Collected data:
=======
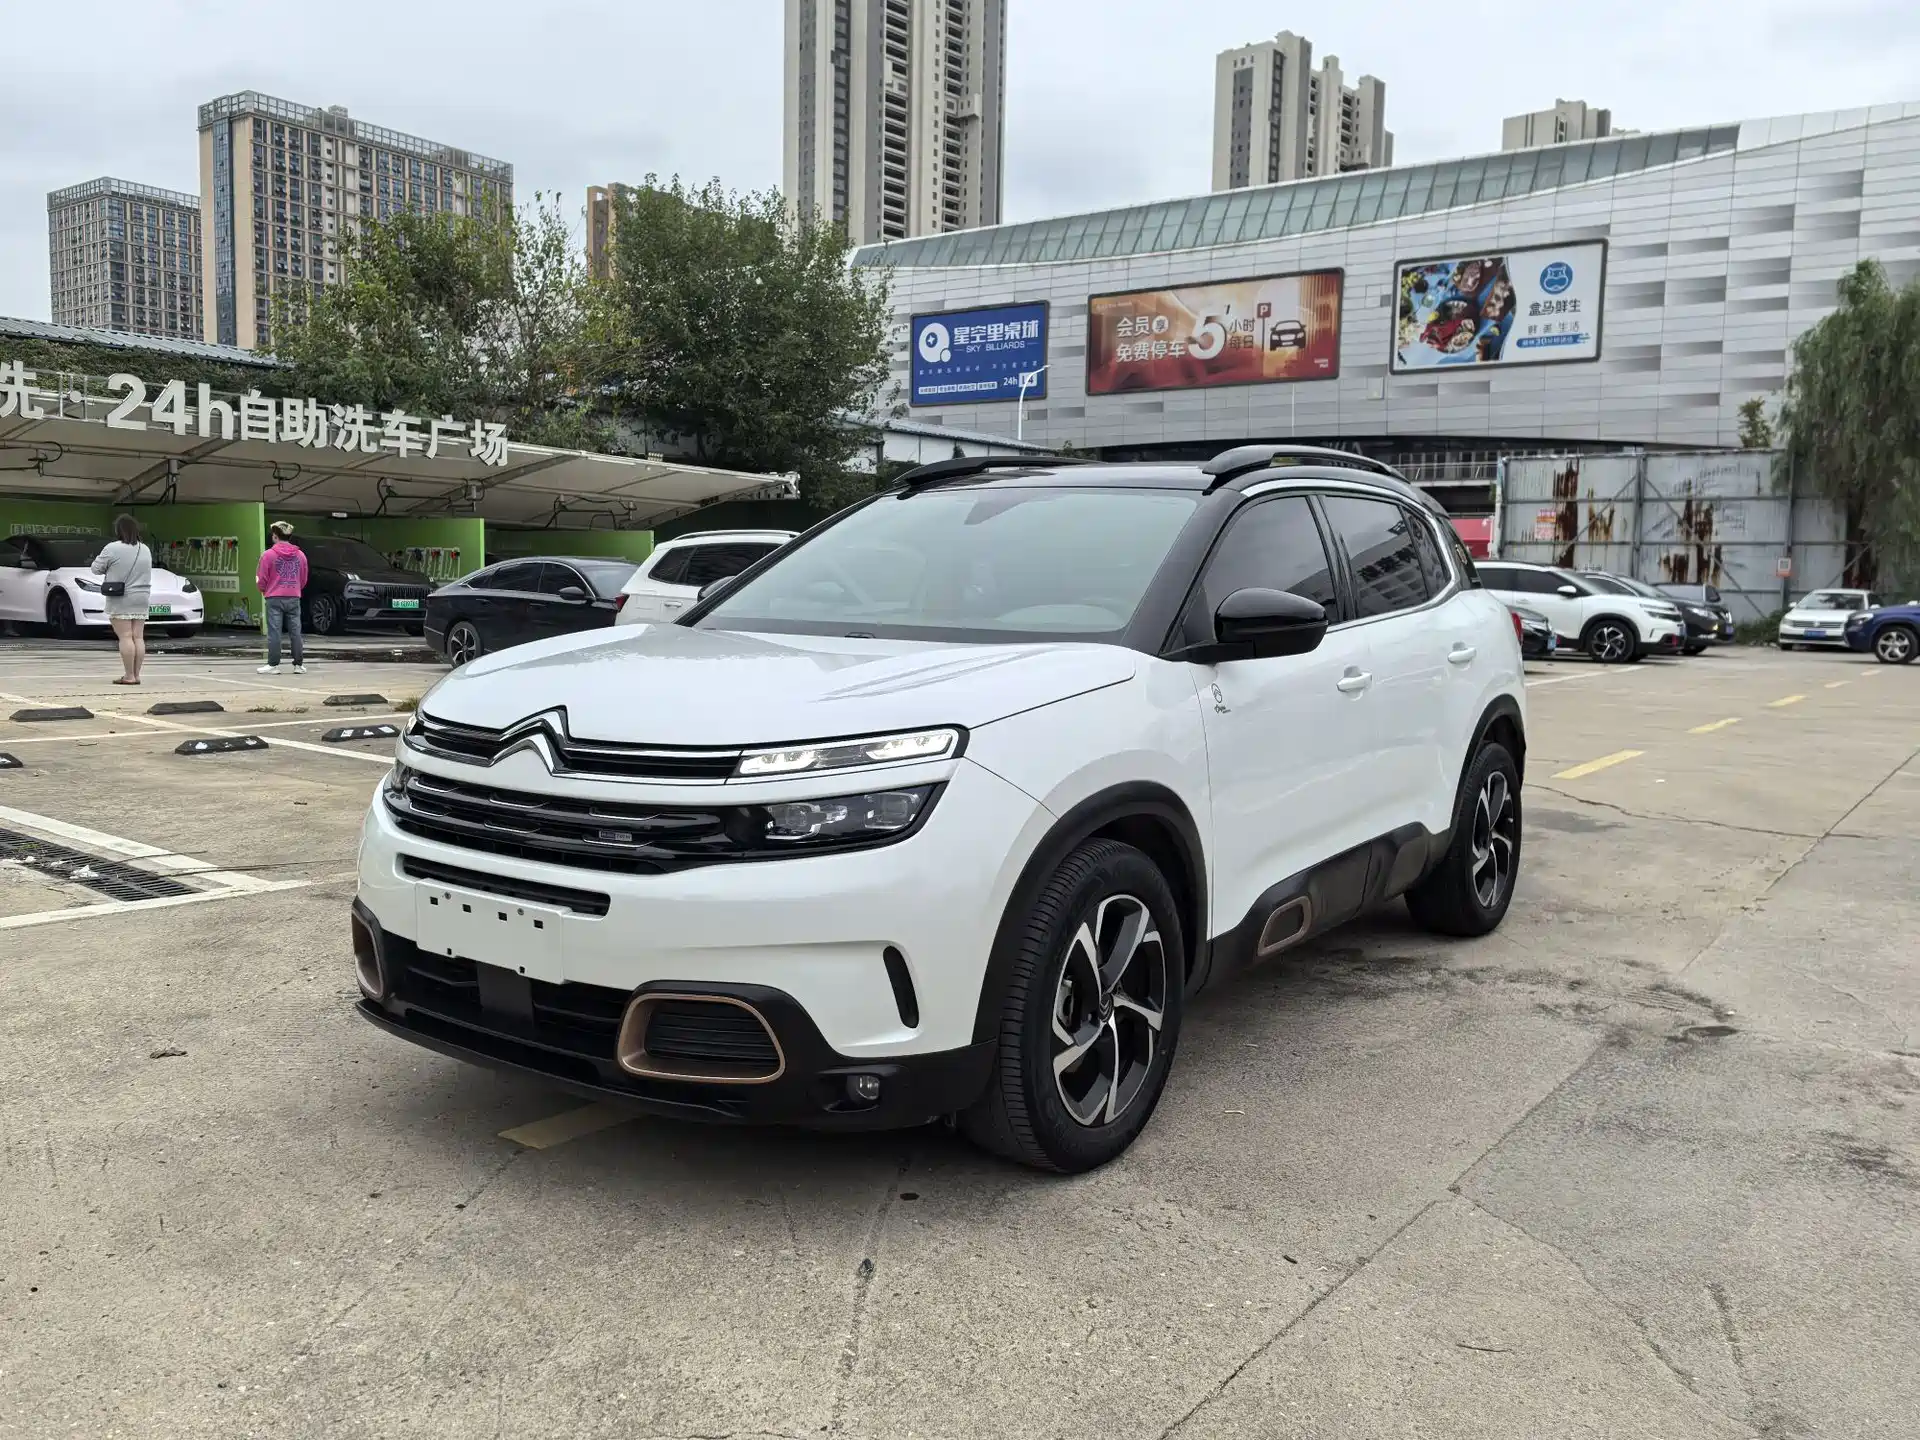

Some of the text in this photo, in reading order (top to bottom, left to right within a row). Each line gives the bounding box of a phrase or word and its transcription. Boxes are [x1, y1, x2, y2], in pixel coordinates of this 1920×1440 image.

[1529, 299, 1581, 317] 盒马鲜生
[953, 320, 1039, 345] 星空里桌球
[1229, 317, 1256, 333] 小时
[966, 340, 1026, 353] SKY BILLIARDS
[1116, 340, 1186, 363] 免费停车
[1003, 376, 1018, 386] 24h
=======
* WHAT NEEDS TO BE DONE
Omit the pictures. Repeat the rest of the data exactly.

* SOLUTION TO THIS EXERCISE
Some of the text in this photo, in reading order (top to bottom, left to right within a row). Each line gives the bounding box of a phrase or word and its transcription. Boxes are [x1, y1, x2, y2], in pixel coordinates of this 1920×1440 image.

[1529, 299, 1581, 317] 盒马鲜生
[953, 320, 1039, 345] 星空里桌球
[1229, 317, 1256, 333] 小时
[966, 340, 1026, 353] SKY BILLIARDS
[1116, 340, 1186, 363] 免费停车
[1003, 376, 1018, 386] 24h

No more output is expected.